-- What this task involves --
Write out the listing beneath this instruction in its entirety, exactly as it reads.

□ □ □ □

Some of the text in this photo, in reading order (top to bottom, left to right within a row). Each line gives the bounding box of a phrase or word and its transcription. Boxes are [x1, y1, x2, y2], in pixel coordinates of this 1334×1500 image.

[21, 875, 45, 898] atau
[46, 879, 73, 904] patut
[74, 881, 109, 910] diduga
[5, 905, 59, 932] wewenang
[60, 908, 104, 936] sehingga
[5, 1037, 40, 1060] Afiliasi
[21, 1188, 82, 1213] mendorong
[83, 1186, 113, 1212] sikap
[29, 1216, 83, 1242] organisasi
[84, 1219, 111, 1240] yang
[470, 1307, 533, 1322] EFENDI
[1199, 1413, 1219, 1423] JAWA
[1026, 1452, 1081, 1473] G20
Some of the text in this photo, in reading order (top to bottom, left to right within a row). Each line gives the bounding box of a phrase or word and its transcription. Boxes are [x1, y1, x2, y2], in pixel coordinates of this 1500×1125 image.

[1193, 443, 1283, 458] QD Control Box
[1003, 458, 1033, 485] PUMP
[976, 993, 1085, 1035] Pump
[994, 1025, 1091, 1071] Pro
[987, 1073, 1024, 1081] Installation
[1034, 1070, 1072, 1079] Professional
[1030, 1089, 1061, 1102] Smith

□ □ □ □

-- Solution for this problem --
Some of the text in this photo, in reading order (top to bottom, left to right within a row). Each line gives the bounding box of a phrase or word and its transcription. Boxes are [x1, y1, x2, y2], in pixel coordinates of this 1334×1500 image.

[21, 875, 45, 898] atau
[46, 879, 73, 904] patut
[74, 881, 109, 910] diduga
[5, 905, 59, 932] wewenang
[60, 908, 104, 936] sehingga
[5, 1037, 40, 1060] Afiliasi
[21, 1188, 82, 1213] mendorong
[83, 1186, 113, 1212] sikap
[29, 1216, 83, 1242] organisasi
[84, 1219, 111, 1240] yang
[470, 1307, 533, 1322] EFENDI
[1199, 1413, 1219, 1423] JAWA
[1026, 1452, 1081, 1473] G20
Some of the text in this photo, in reading order (top to bottom, left to right within a row). Each line gives the bounding box of a phrase or word and its transcription. Boxes are [x1, y1, x2, y2], in pixel coordinates of this 1500×1125 image.

[1193, 443, 1283, 458] QD Control Box
[1003, 458, 1033, 485] PUMP
[976, 993, 1085, 1035] Pump
[994, 1025, 1091, 1071] Pro
[987, 1073, 1024, 1081] Installation
[1034, 1070, 1072, 1079] Professional
[1030, 1089, 1061, 1102] Smith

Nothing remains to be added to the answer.